Available records:
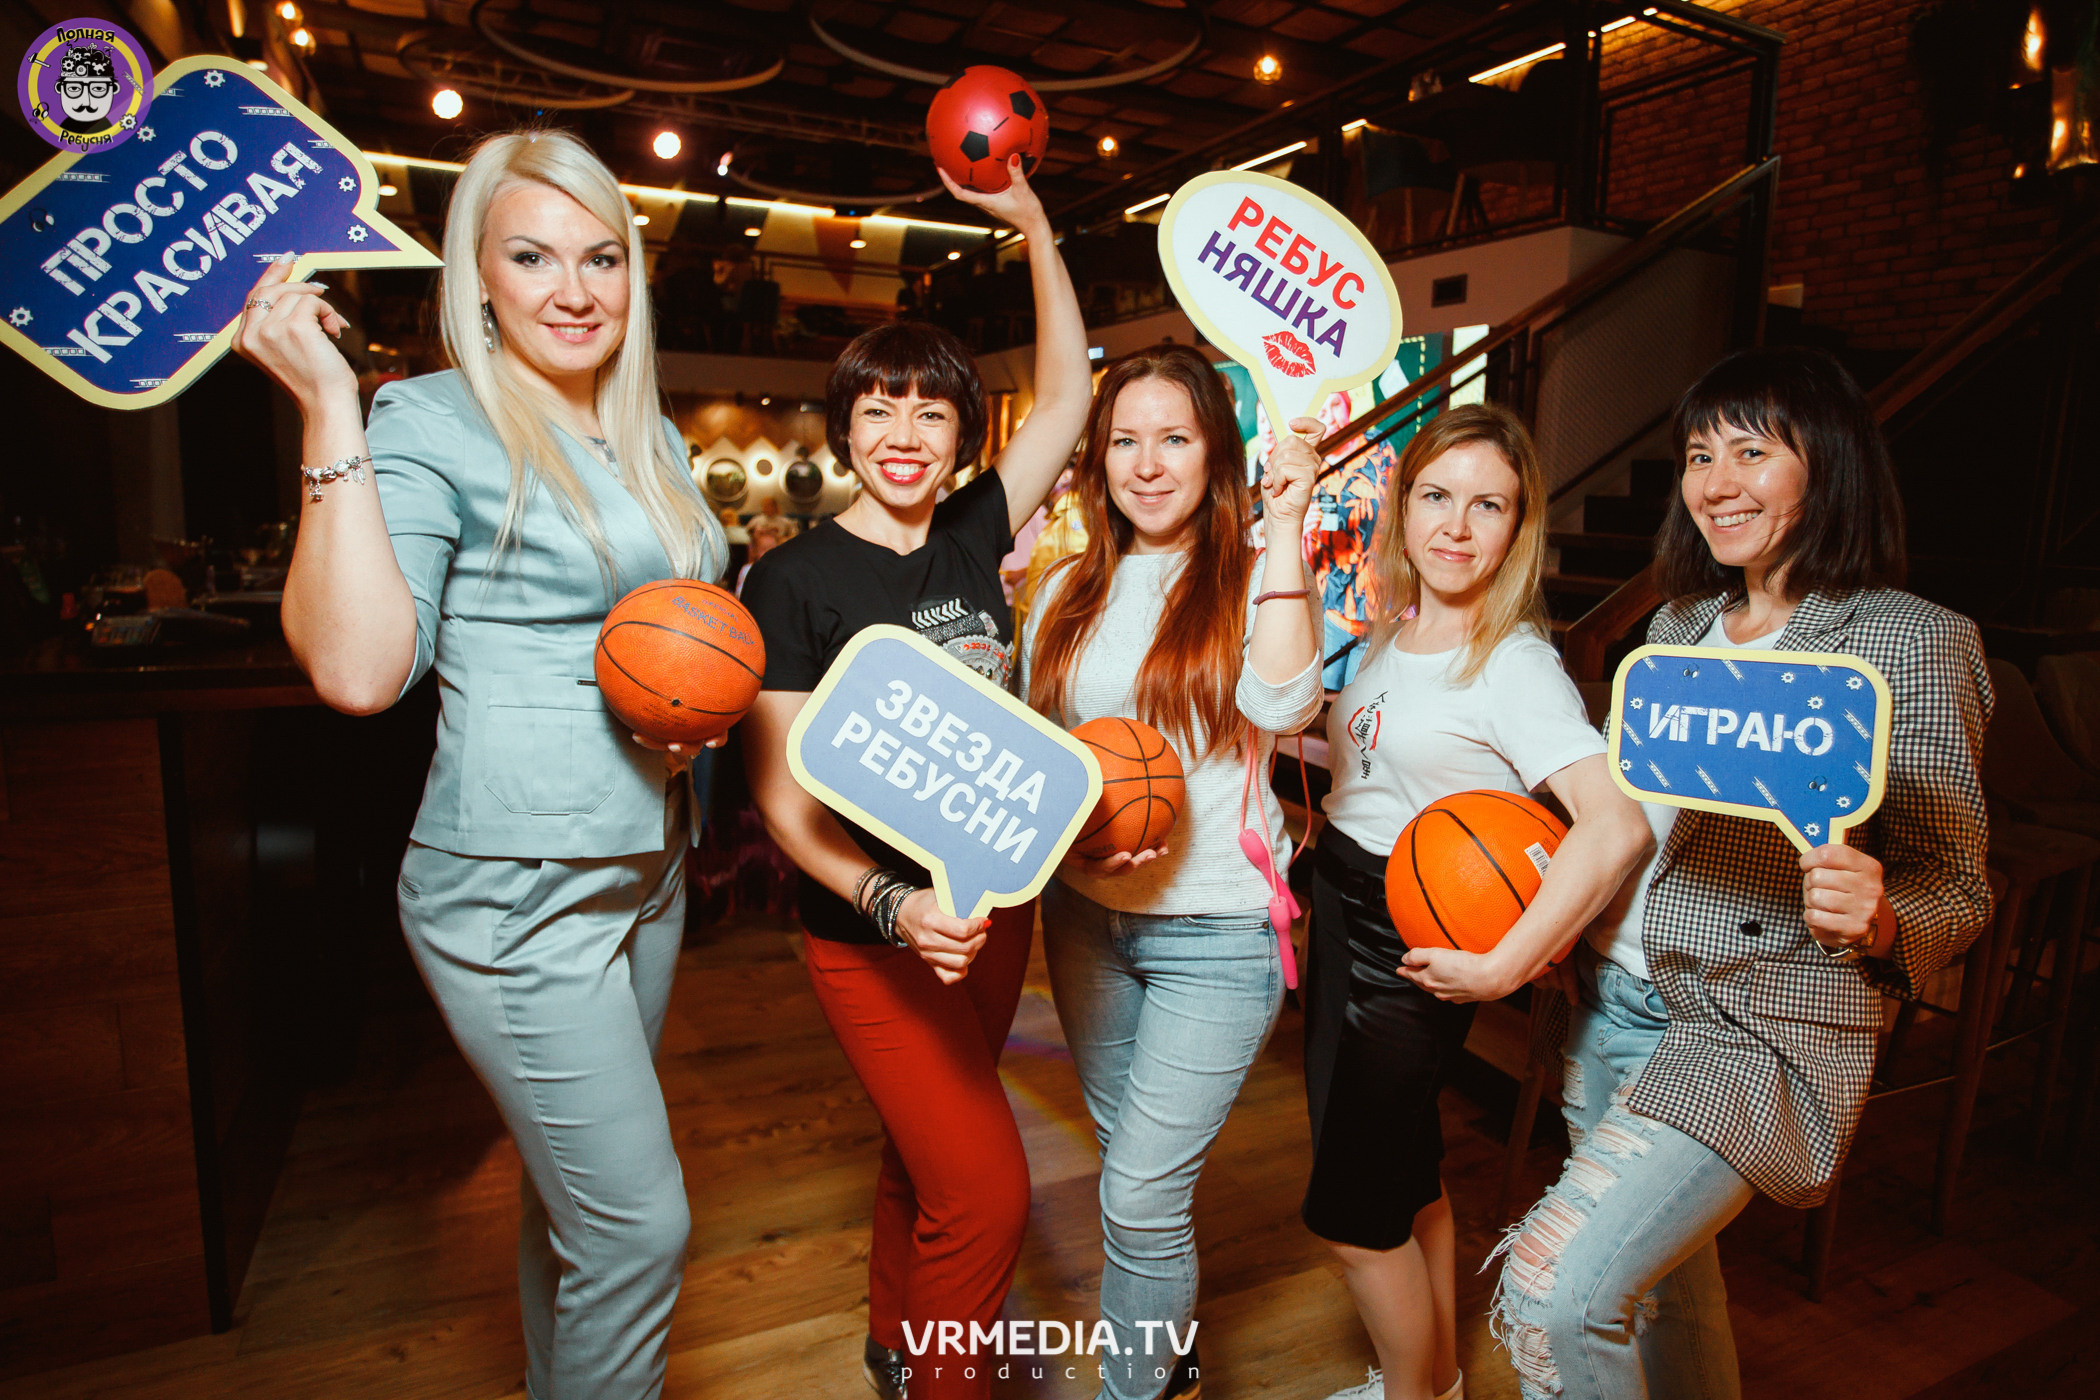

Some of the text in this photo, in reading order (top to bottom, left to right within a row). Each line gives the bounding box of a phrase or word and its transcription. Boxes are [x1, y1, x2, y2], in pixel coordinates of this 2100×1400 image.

[40, 131, 238, 297] ПРОСТО
[67, 142, 324, 364] КРАСИВАЯ
[1227, 196, 1365, 310] РЕБУС
[1197, 230, 1347, 358] НЯШКА
[831, 711, 1039, 864] РЕБУСНИ
[875, 680, 1046, 815] ЗВЕЗДА
[1649, 703, 1834, 757] ИГРАЮ

Exercise aim: When you restate the listing, keep every word as it is and drop the pictures.

Answer area:
Some of the text in this photo, in reading order (top to bottom, left to right within a row). Each line gives the bounding box of a phrase or word and its transcription. Boxes are [x1, y1, x2, y2], in pixel coordinates of this 2100×1400 image.

[40, 131, 238, 297] ПРОСТО
[67, 142, 324, 364] КРАСИВАЯ
[1227, 196, 1365, 310] РЕБУС
[1197, 230, 1347, 358] НЯШКА
[831, 711, 1039, 864] РЕБУСНИ
[875, 680, 1046, 815] ЗВЕЗДА
[1649, 703, 1834, 757] ИГРАЮ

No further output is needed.